──────── Given entries
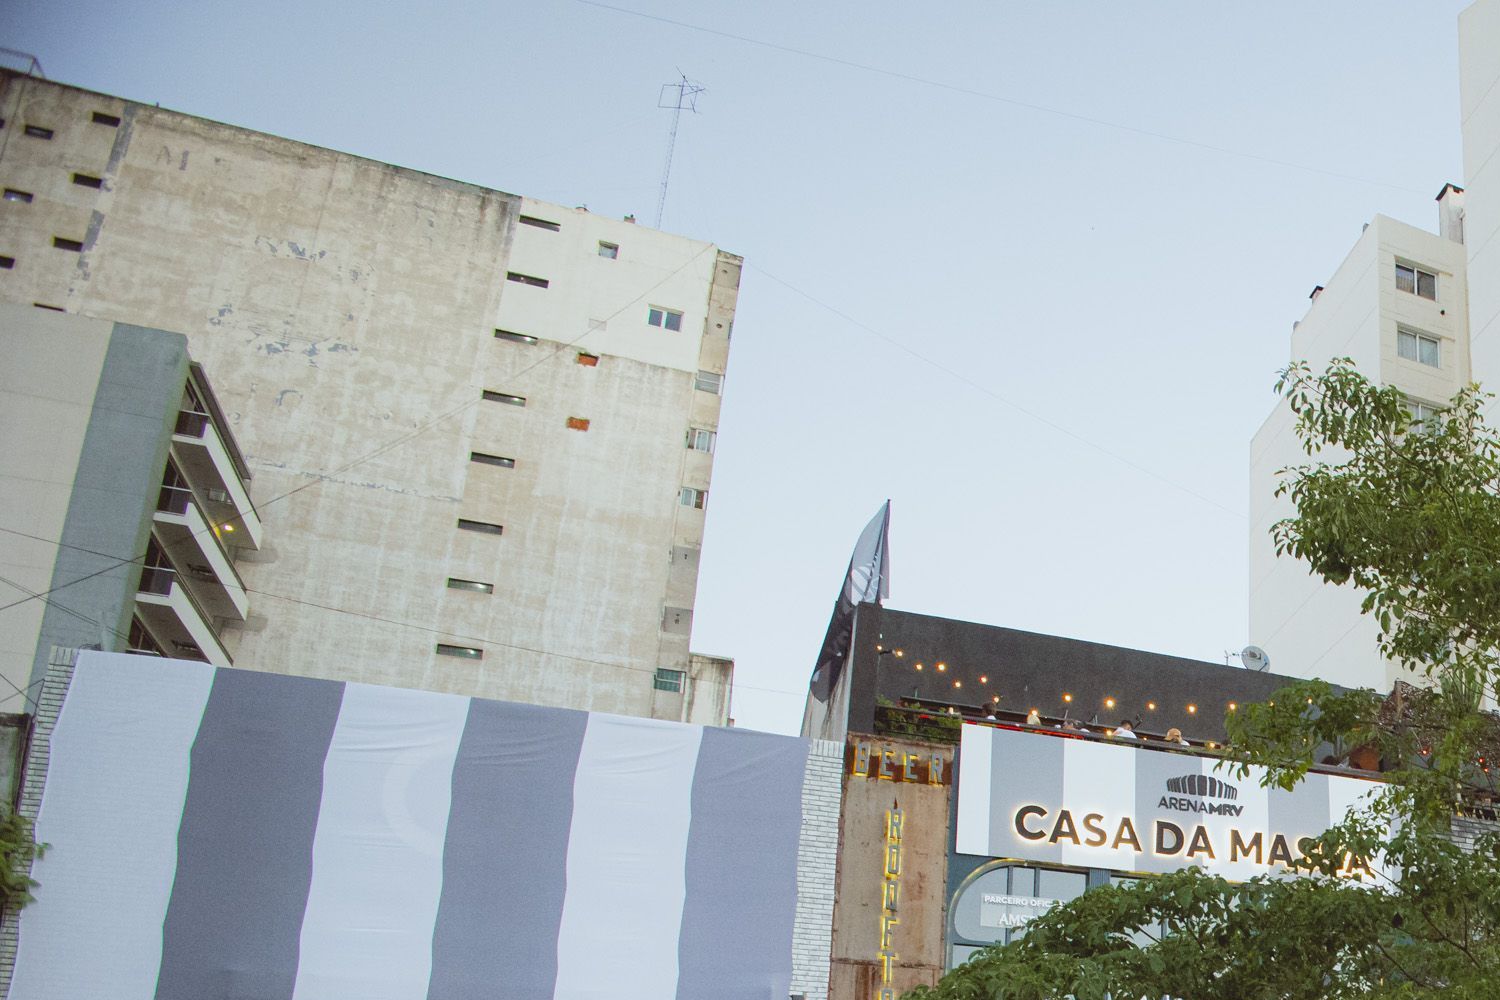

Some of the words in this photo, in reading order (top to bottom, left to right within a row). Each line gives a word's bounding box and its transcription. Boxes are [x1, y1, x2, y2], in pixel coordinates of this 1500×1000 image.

[853, 741, 944, 787] BEER
[1014, 804, 1142, 852] CASA
[1155, 820, 1216, 859] DA
[984, 894, 1029, 907] PARCEIRO
────────────────
Could you write out every line above exactly as it stands, with no images?

Task answer:
Some of the words in this photo, in reading order (top to bottom, left to right within a row). Each line gives a word's bounding box and its transcription. Boxes are [x1, y1, x2, y2], in pixel coordinates of this 1500×1000 image.

[853, 741, 944, 787] BEER
[1014, 804, 1142, 852] CASA
[1155, 820, 1216, 859] DA
[984, 894, 1029, 907] PARCEIRO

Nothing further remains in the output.